- **Exercise prompt**: In the copy you make of the entries, no picture should appear, and every word must match.

== Segment start ==

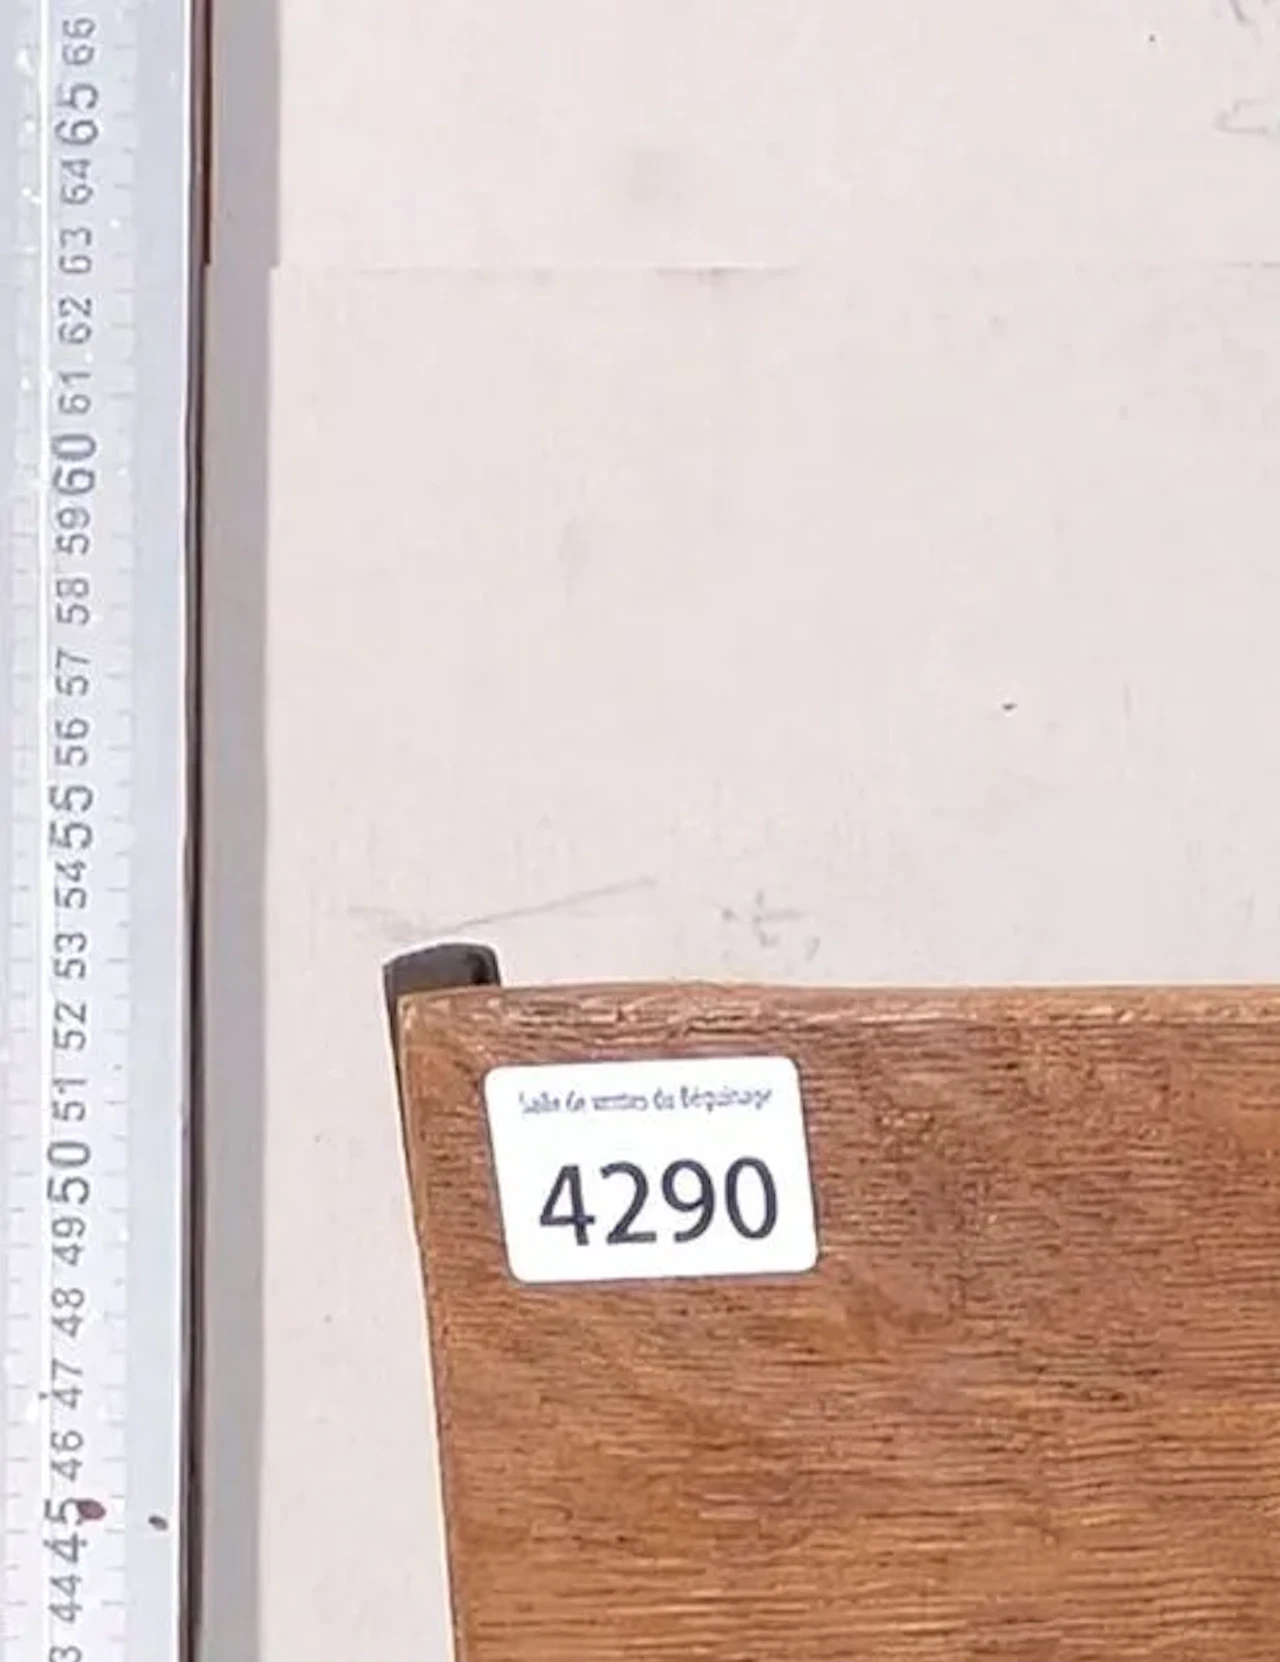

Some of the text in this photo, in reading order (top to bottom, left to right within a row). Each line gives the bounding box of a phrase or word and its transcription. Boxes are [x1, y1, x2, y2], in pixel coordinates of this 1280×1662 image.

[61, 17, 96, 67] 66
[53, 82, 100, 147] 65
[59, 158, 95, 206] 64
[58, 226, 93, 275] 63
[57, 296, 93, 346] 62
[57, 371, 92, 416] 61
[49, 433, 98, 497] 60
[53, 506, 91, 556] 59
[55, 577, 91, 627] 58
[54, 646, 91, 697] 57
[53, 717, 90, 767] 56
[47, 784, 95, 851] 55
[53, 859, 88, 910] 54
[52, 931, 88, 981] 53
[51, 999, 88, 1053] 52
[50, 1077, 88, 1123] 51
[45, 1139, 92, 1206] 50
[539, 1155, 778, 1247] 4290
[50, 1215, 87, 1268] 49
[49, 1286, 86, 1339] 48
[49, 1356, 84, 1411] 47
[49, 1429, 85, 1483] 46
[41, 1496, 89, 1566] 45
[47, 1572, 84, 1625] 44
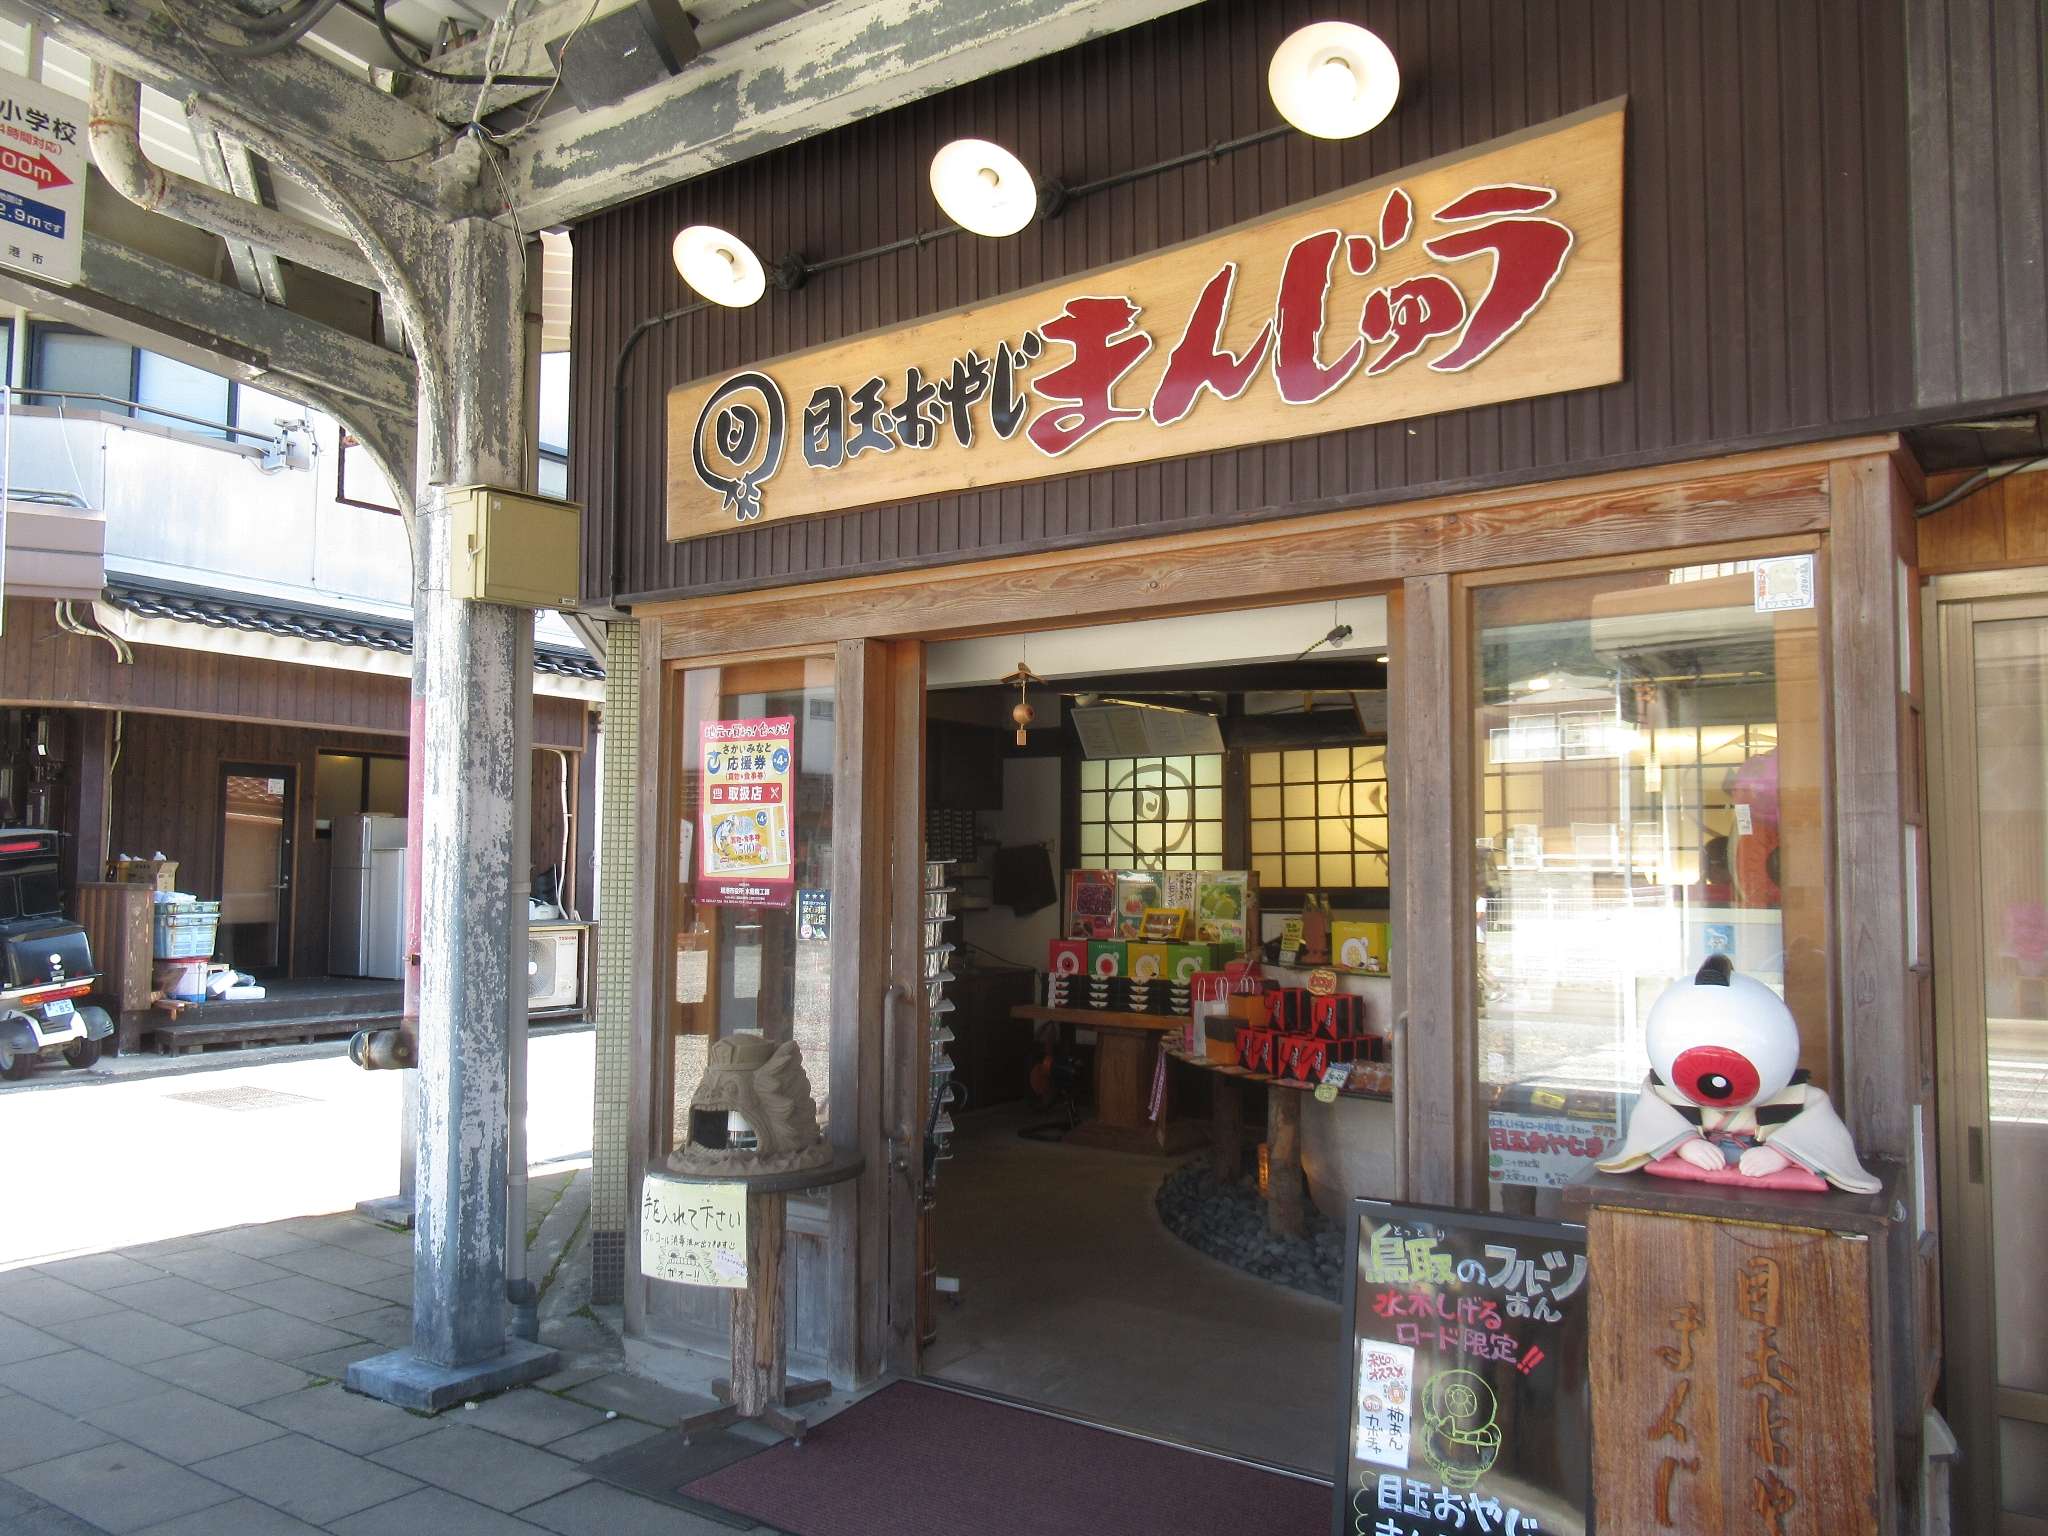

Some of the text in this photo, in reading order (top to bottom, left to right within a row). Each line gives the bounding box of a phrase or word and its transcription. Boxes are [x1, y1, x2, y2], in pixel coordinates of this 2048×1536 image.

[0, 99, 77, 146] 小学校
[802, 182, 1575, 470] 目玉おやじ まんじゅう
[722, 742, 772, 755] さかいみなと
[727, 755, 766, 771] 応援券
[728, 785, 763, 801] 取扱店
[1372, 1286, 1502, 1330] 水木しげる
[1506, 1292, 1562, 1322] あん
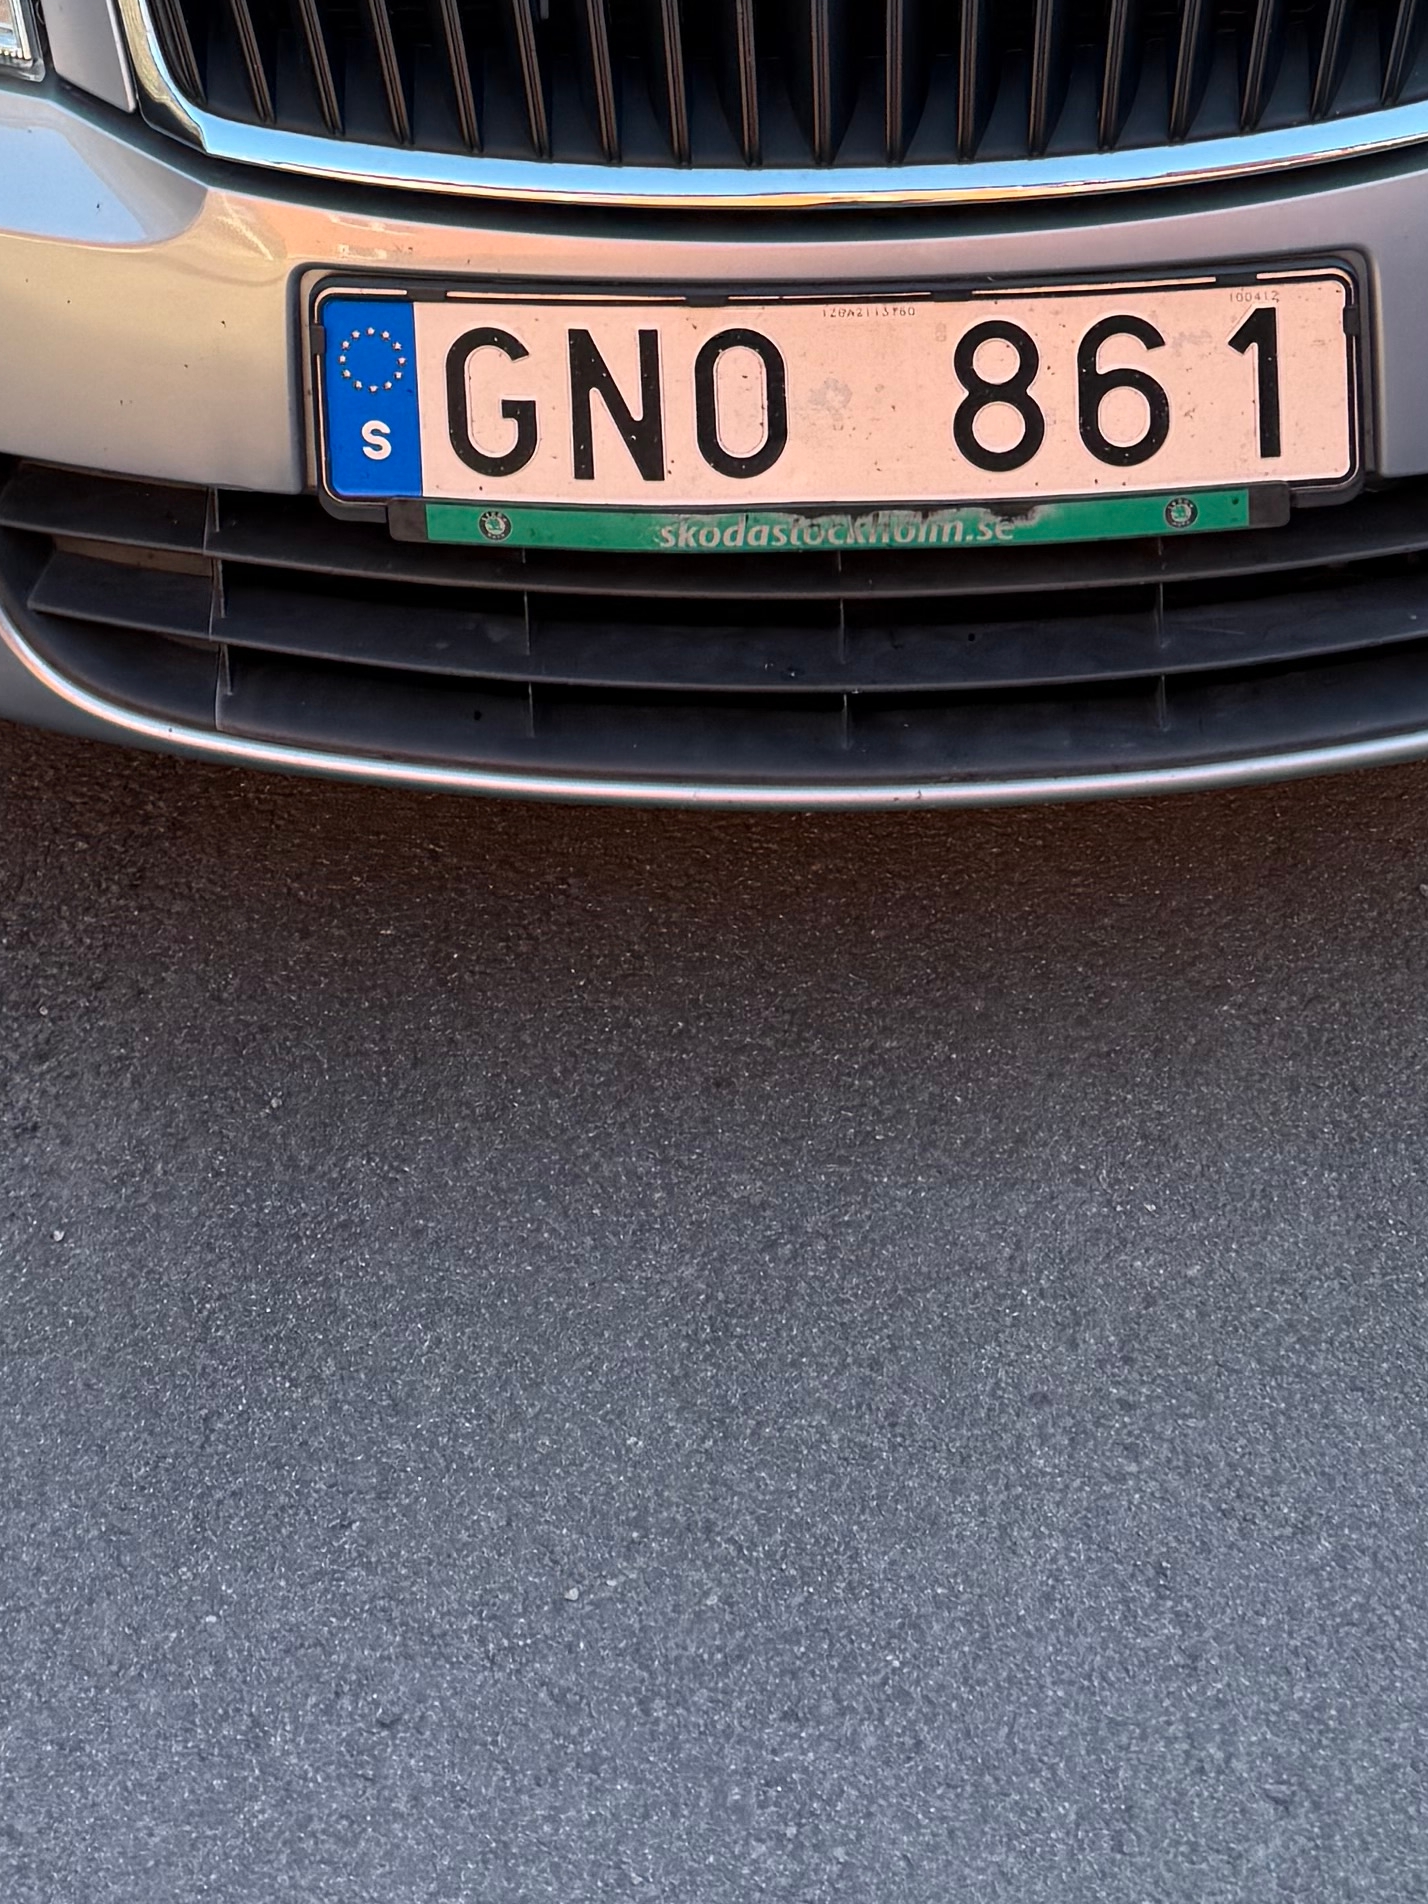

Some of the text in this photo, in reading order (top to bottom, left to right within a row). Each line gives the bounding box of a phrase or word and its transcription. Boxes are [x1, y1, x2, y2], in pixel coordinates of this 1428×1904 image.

== Segment end ==

- **Reply**:
Some of the text in this photo, in reading order (top to bottom, left to right within a row). Each line gives the bounding box of a phrase or word and its transcription. Boxes are [x1, y1, x2, y2], in pixel coordinates of this 1280×1662 image.

[61, 17, 96, 67] 66
[53, 82, 100, 147] 65
[59, 158, 95, 206] 64
[58, 226, 93, 275] 63
[57, 296, 93, 346] 62
[57, 371, 92, 416] 61
[49, 433, 98, 497] 60
[53, 506, 91, 556] 59
[55, 577, 91, 627] 58
[54, 646, 91, 697] 57
[53, 717, 90, 767] 56
[47, 784, 95, 851] 55
[53, 859, 88, 910] 54
[52, 931, 88, 981] 53
[51, 999, 88, 1053] 52
[50, 1077, 88, 1123] 51
[45, 1139, 92, 1206] 50
[539, 1155, 778, 1247] 4290
[50, 1215, 87, 1268] 49
[49, 1286, 86, 1339] 48
[49, 1356, 84, 1411] 47
[49, 1429, 85, 1483] 46
[41, 1496, 89, 1566] 45
[47, 1572, 84, 1625] 44

Some of the text in this photo, in reading order (top to bottom, left to right within a row). Each line gives the bounding box of a phrase or word and its transcription. Boxes are [x1, y1, x2, y2], in pixel coordinates of this 2048×1536 image.

[0, 99, 77, 146] 小学校
[802, 182, 1575, 470] 目玉おやじ まんじゅう
[722, 742, 772, 755] さかいみなと
[727, 755, 766, 771] 応援券
[728, 785, 763, 801] 取扱店
[1372, 1286, 1502, 1330] 水木しげる
[1506, 1292, 1562, 1322] あん

Some of the text in this photo, in reading order (top to bottom, left to right within a row). Each line gives the bounding box of a phrase or word and its transcription. Boxes are [x1, y1, x2, y2], in pixel coordinates of this 1428×1904 image.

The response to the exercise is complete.